I. PROCEDURAL BACKGROUND

The procedural posture leading to the instant motion is worthy of examination. On January 14, 2014, one week before trial was scheduled to begin and well past the courtimposed deadline for filing suppression motions, Defendant Rodriguez-Flores filed a motion to suppress. The defendant offered no explanation for his late filing. Three days later, the United States responded in opposition to the motion arguing, among other things, that the defendant lacked standing to assert the motion because the residence was owned by a third party. On the original January 22 trial date, the Court conducted a hearing at which it granted the defendant's motion for a continuance until June 9, 2014 so that defense counsel could fully brief the suppression motion and have adequate time to prepare for trial. Defense counsel represented that he would file a reply brief addressing the suppression motion no later than the following day. But defense counsel never filed a reply brief. See United States v. Smith, 263 F.3d 571, 582 (6th Cir. 2001) (holding that a defendant has the burden of establishing his standing to assert a Fourth Amendment violation). After three months elapsed, the Court considered the merits of the motion and determined that Rodriguez-Flores lacked standing to contest the search. (DE 303). Because the Court determined that Rodriguez-Flores lacked standing, the Court did not evaluate any other claims.
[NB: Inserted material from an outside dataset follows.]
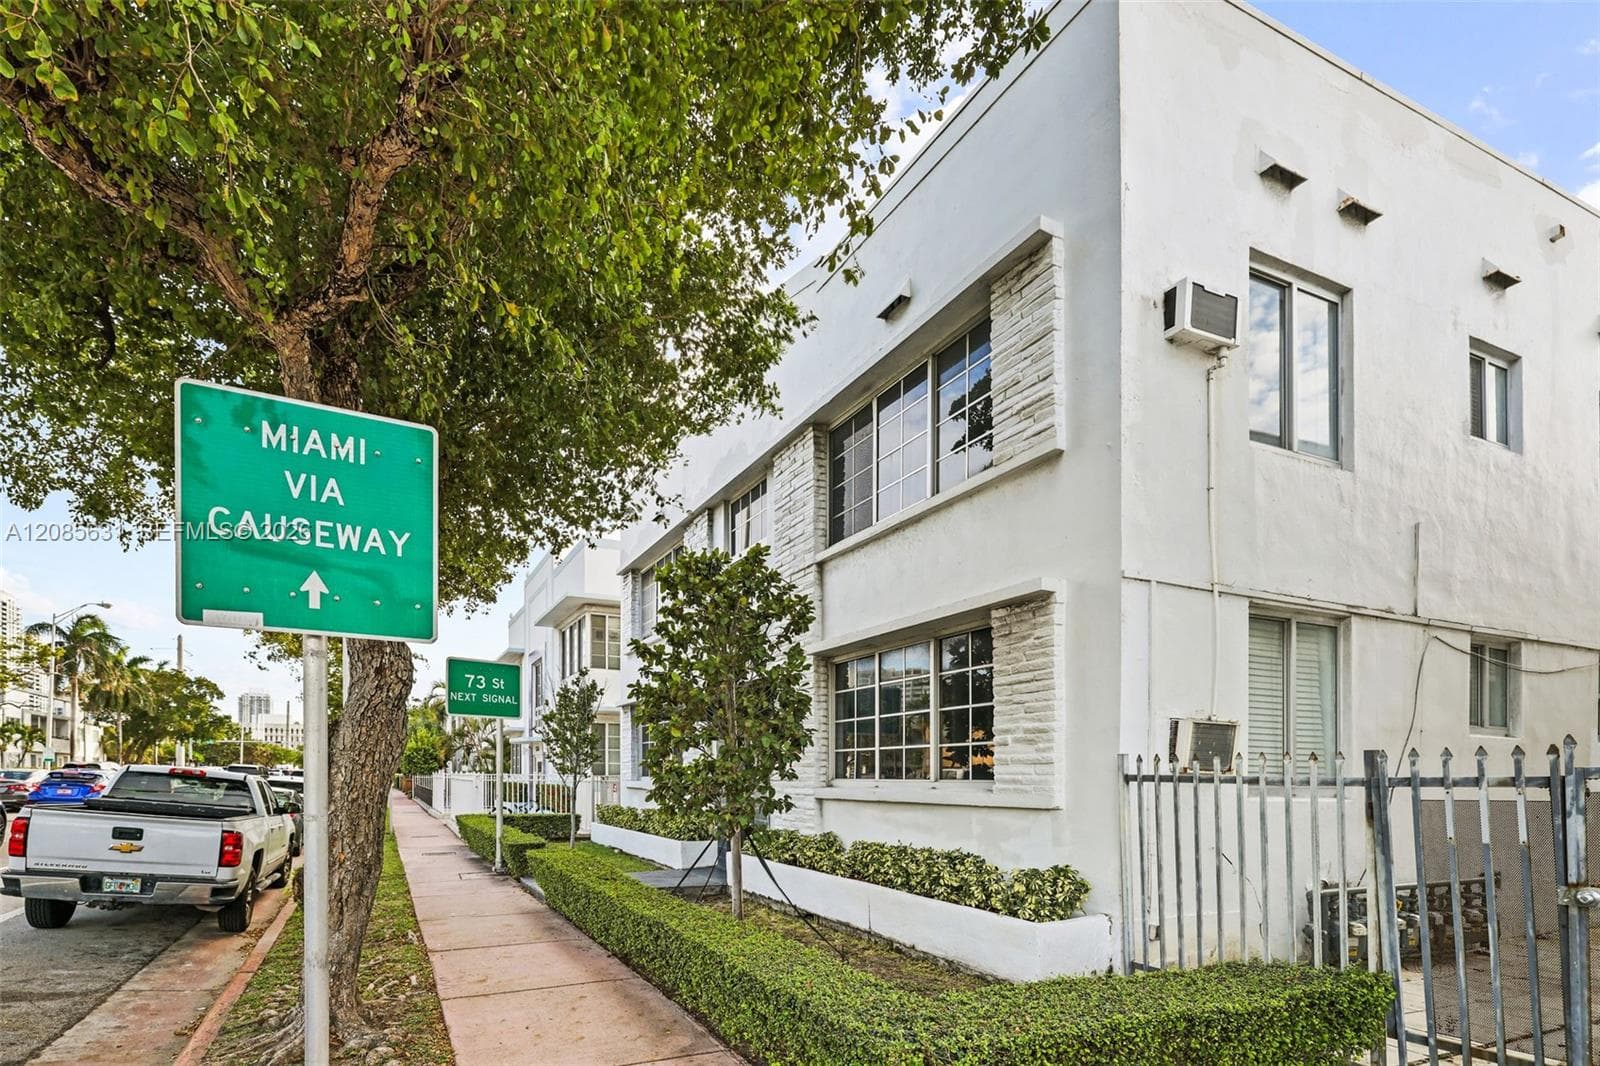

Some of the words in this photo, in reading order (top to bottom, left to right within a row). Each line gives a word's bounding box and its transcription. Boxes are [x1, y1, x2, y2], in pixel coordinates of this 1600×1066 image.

Two days later, on April 24, 2014, the Court held a pretrial conference in anticipation of the looming June 9 trial date. Without any reference to the Court's ruling on the suppression motion, defense counsel made an oral motion to continue the trial. The Court denied the motion but informed defense counsel that it would reconsider the request upon articulation of specific reasons necessitating further delay. Defense counsel never provided the Court with further reasons, but the trial was later continued until August 11, 2014 upon a codefendant's motion in which Rodriguez-Flores joined.

More than sixty days after the court denied the defendant's suppression motion, the defendant requested leave to file a motion to set aside the suppression order. (DE 413). In an affidavit, defense counsel stated that during "the months of January through May, [he] was dealing with a particularly difficult client in a CJA assigned case in the Western District of Kentucky, " and preparing for a complicated jury trial scheduled to begin on May 6. (DE 413-1, ¶ 7). On April 28, however, the complicated jury trial was continued until August 5, 2014. (DE 413-1, ¶ 7). Counsel further explained that his heavy case load combined with complicated discovery caused his untimeliness, and he asked the Court not to punish the defendant because of counsel's missteps.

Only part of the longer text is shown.